Design A Rate Limiter
In network systems, a rate limiter controls the rate of traffic sent by clients or services. In the context of HTTP, a rate limiter restricts the number of client requests within a specified period. Excess requests are blocked once the defined threshold is exceeded. Examples include:
- A user can create no more than 2 posts per second.
- A maximum of 10 accounts can be created per day from the same IP address.
- Rewards can be claimed no more than 5 times per week from the same device.
Before diving into the design, let’s explore the benefits of an API rate limiter:
- Prevent DoS Attacks: Rate limiting helps prevent resource exhaustion caused by Denial of Service (DoS) attacks, whether intentional or unintentional. Most large tech companies enforce rate limiting on their APIs (e.g., Twitter limits tweets, Google Docs APIs have read request limits). Blocking excess calls safeguards resources.
- Reduce Cost: Limiting requests reduces operational costs, especially for companies using paid third-party APIs (e.g., credit checks, payment processing, health record retrieval). Efficiently managing API calls is crucial for cost control.
- Prevent Server Overload: Rate limiters filter out excessive requests from bots or misbehaving users, reducing the load on servers and maintaining system stability.
Step 1: Understand the Problem and Establish Design Scope
Rate limiting can be implemented using various algorithms, each with its strengths and weaknesses. Clarifying the type of rate limiter we are building is essential.
Clarification Questions & Assumptions:
- Type of Rate Limiter: Server-side API rate limiter.
- Throttling Basis: Flexible enough to support various throttle rules (e.g., based on IP, user ID).
- System Scale: Must handle a large number of requests.
- Distributed Environment: Yes, the system will work in a distributed environment.
- Implementation: A design decision (separate service or in application code).

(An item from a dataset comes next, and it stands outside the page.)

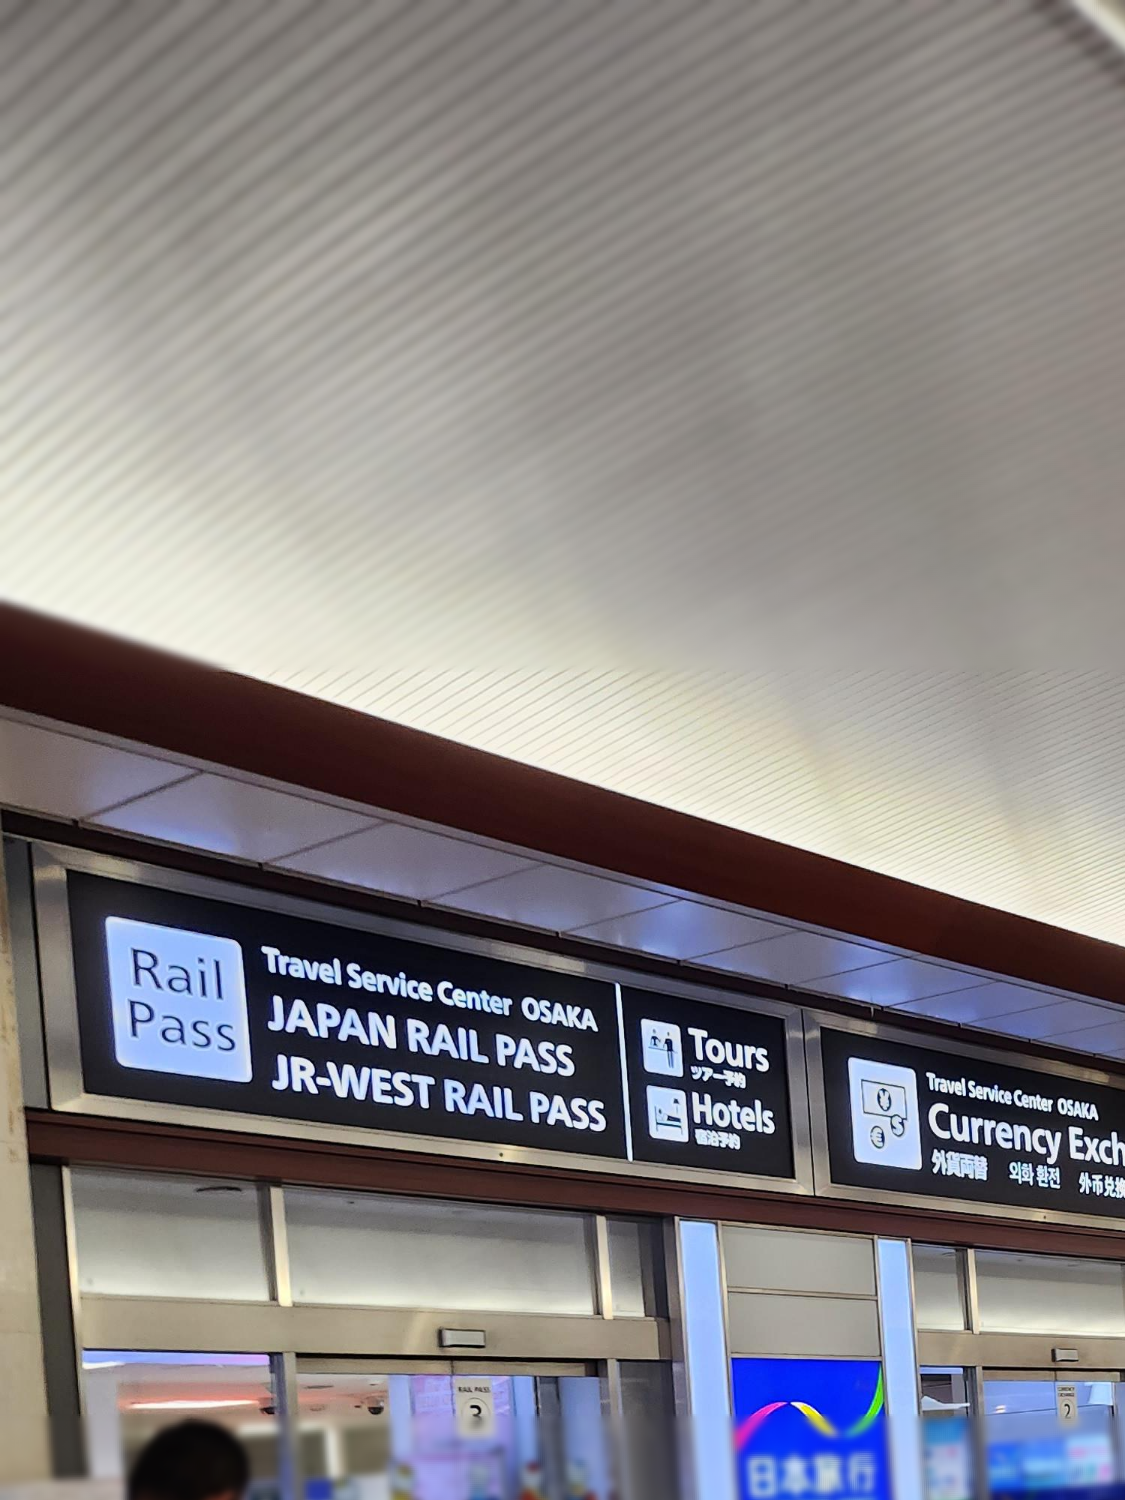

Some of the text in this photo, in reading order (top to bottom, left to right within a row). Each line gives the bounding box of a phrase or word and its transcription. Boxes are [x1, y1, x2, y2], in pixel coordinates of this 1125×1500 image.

- User Notification: Yes, users should be informed when their requests are throttled.
Requirements Summary:
- Accurately limit excessive requests.
- Low latency: Should not slow down HTTP response time.
- Memory efficiency: Use as little memory as possible.
- Distributed rate limiting: Shareable across multiple servers or processes.
- Exception handling: Provide clear exceptions to throttled users.
- High fault tolerance: The rate limiter should not be a single point of failure.
Step 2: Propose High-Level Design and Get Buy-in
We will use a basic client-server communication model.
Where to Place the Rate Limiter?
Rate limiting can be implemented client-side or server-side. Client-side implementation is generally unreliable due to the ease of forging requests and lack of control over client logic. Therefore, we focus on server-side implementation.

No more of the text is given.